Exercise goal
What is needed is an exact copy of every entry below, with the pictures left out.

Records
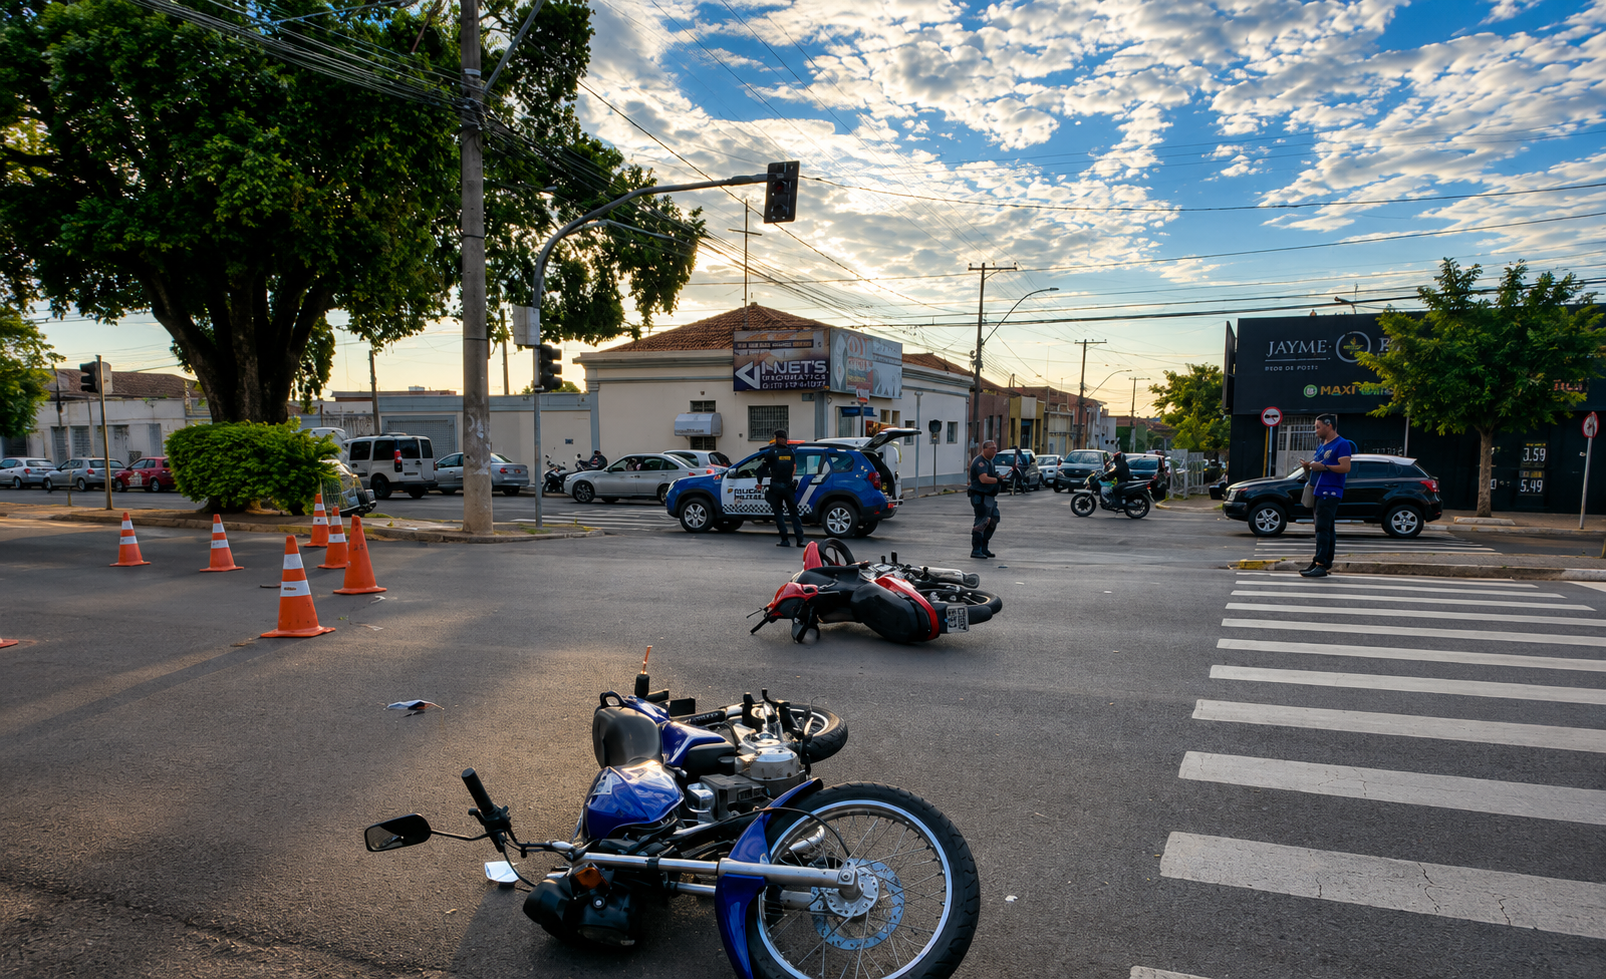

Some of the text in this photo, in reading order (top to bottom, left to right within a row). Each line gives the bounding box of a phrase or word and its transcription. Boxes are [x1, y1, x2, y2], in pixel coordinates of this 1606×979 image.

[1265, 340, 1327, 357] JAYME
[1320, 385, 1356, 396] MAXI
[1522, 447, 1547, 462] 3.59
[1520, 479, 1543, 493] 5.49
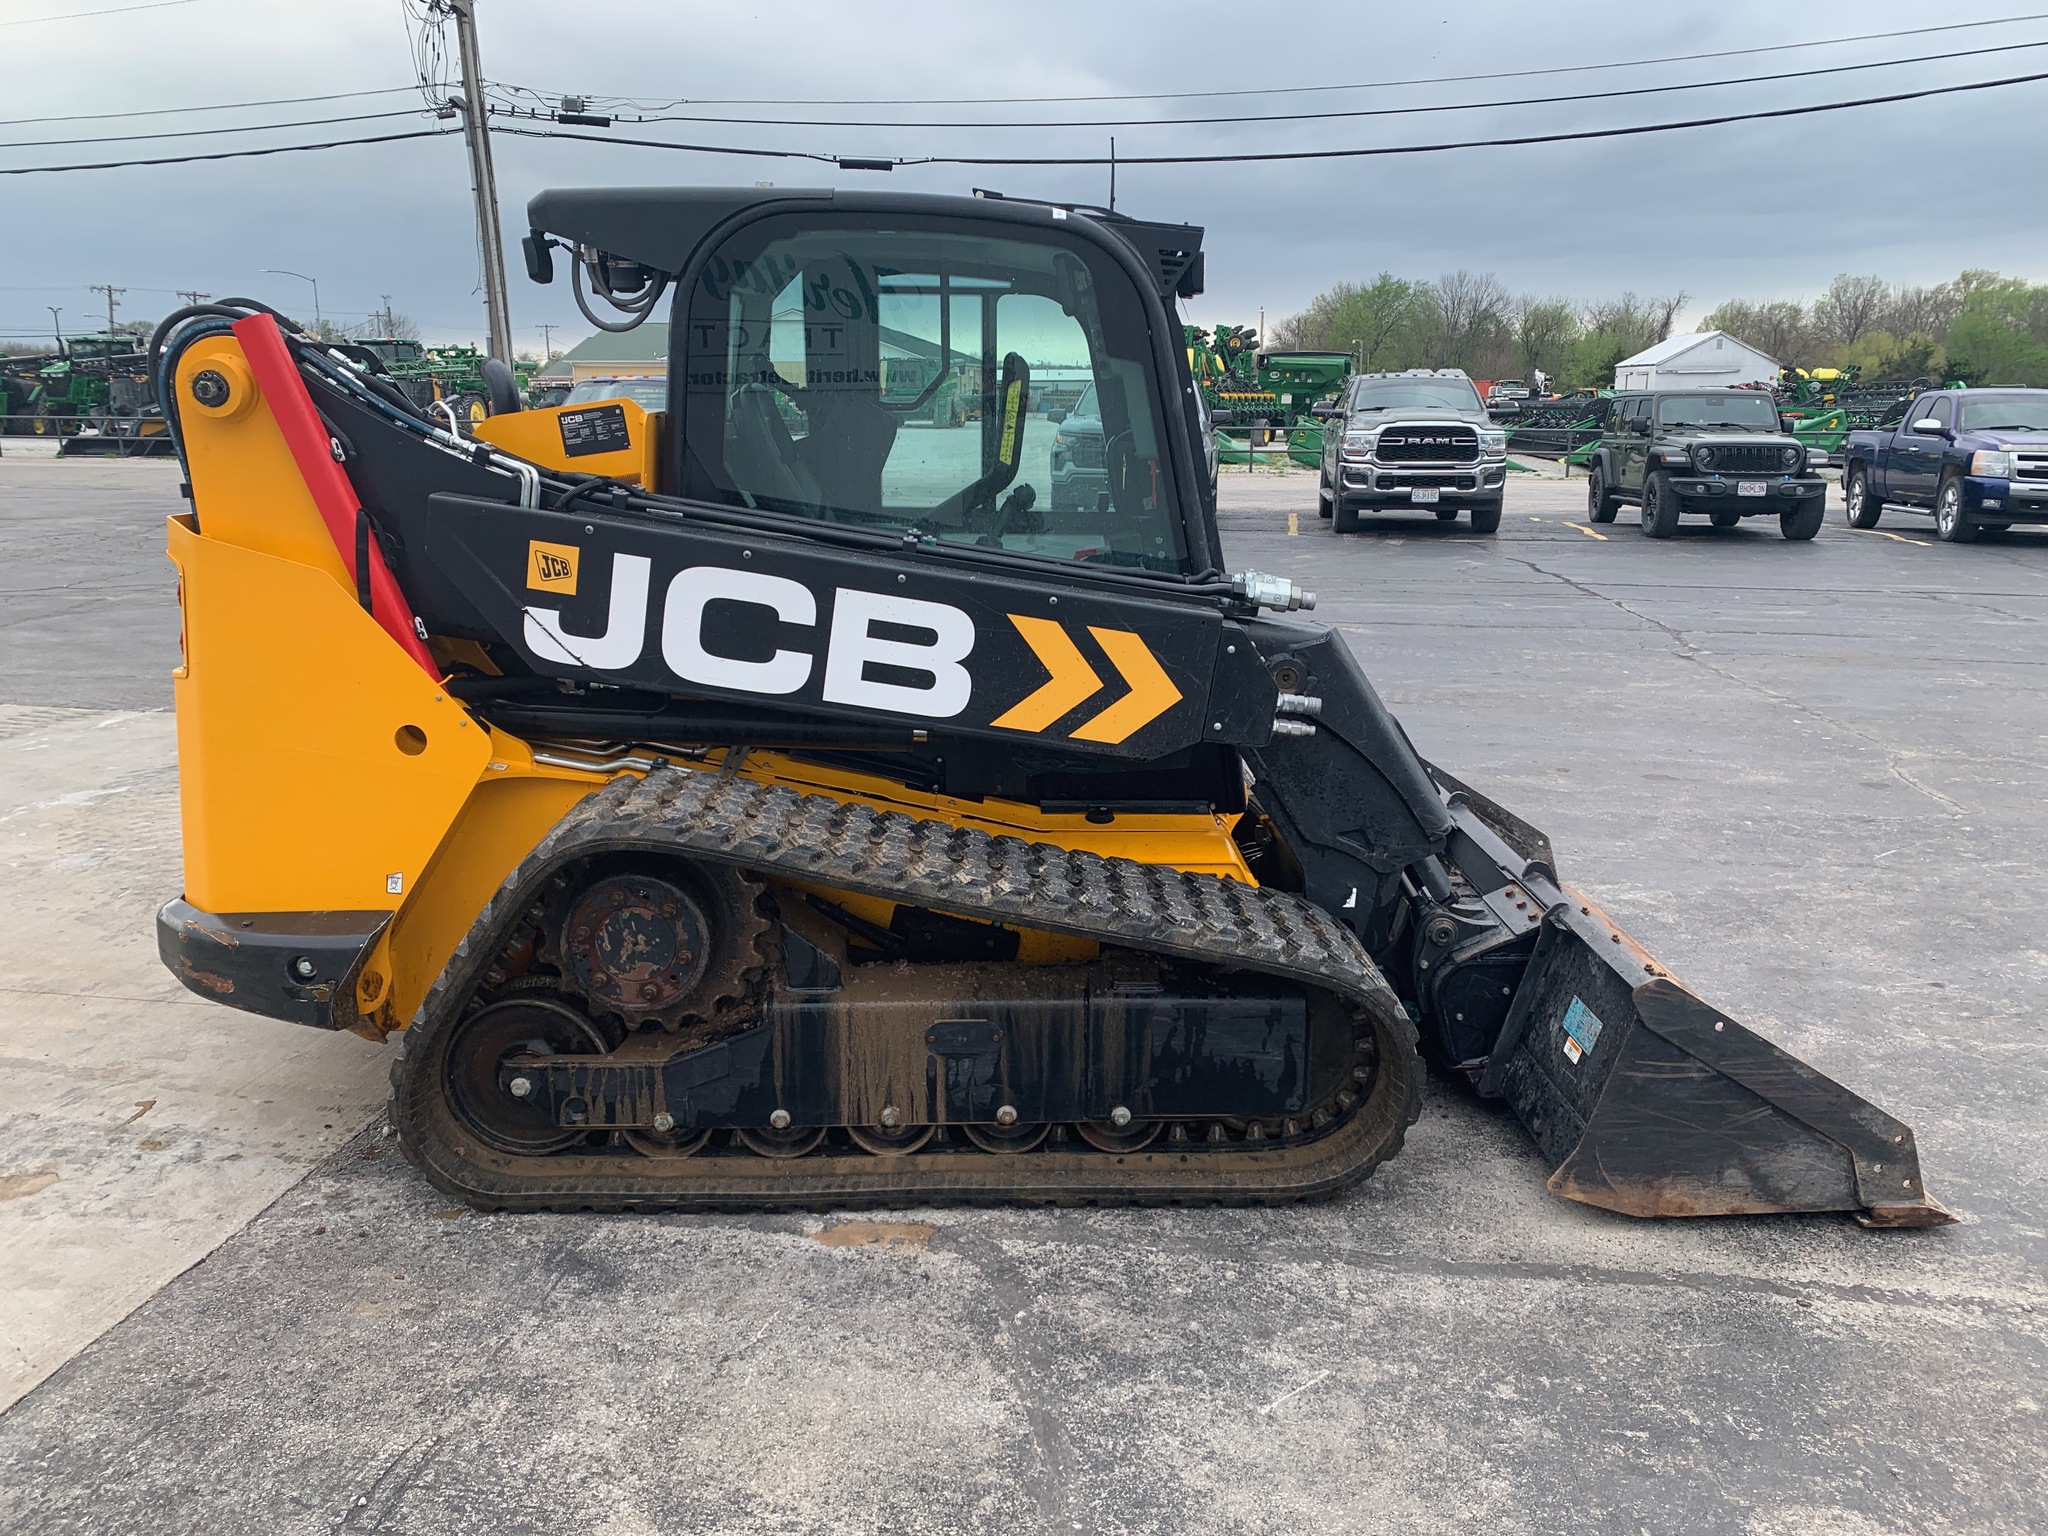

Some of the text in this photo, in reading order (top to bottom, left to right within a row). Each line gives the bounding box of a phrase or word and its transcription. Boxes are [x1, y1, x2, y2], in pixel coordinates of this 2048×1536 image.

[561, 414, 584, 425] JCB
[1830, 419, 1838, 428] 2
[541, 554, 570, 579] JCB
[523, 552, 976, 718] JCB

Result of the exercise
Some of the text in this photo, in reading order (top to bottom, left to right within a row). Each line gives the bounding box of a phrase or word and its transcription. Boxes are [x1, y1, x2, y2], in pixel coordinates of this 1606×979 image.

[1265, 340, 1327, 357] JAYME
[1320, 385, 1356, 396] MAXI
[1522, 447, 1547, 462] 3.59
[1520, 479, 1543, 493] 5.49

Some of the text in this photo, in reading order (top to bottom, left to right within a row). Each line gives the bounding box of a phrase or word and its transcription. Boxes are [x1, y1, x2, y2], in pixel coordinates of this 2048×1536 image.

[561, 414, 584, 425] JCB
[1830, 419, 1838, 428] 2
[541, 554, 570, 579] JCB
[523, 552, 976, 718] JCB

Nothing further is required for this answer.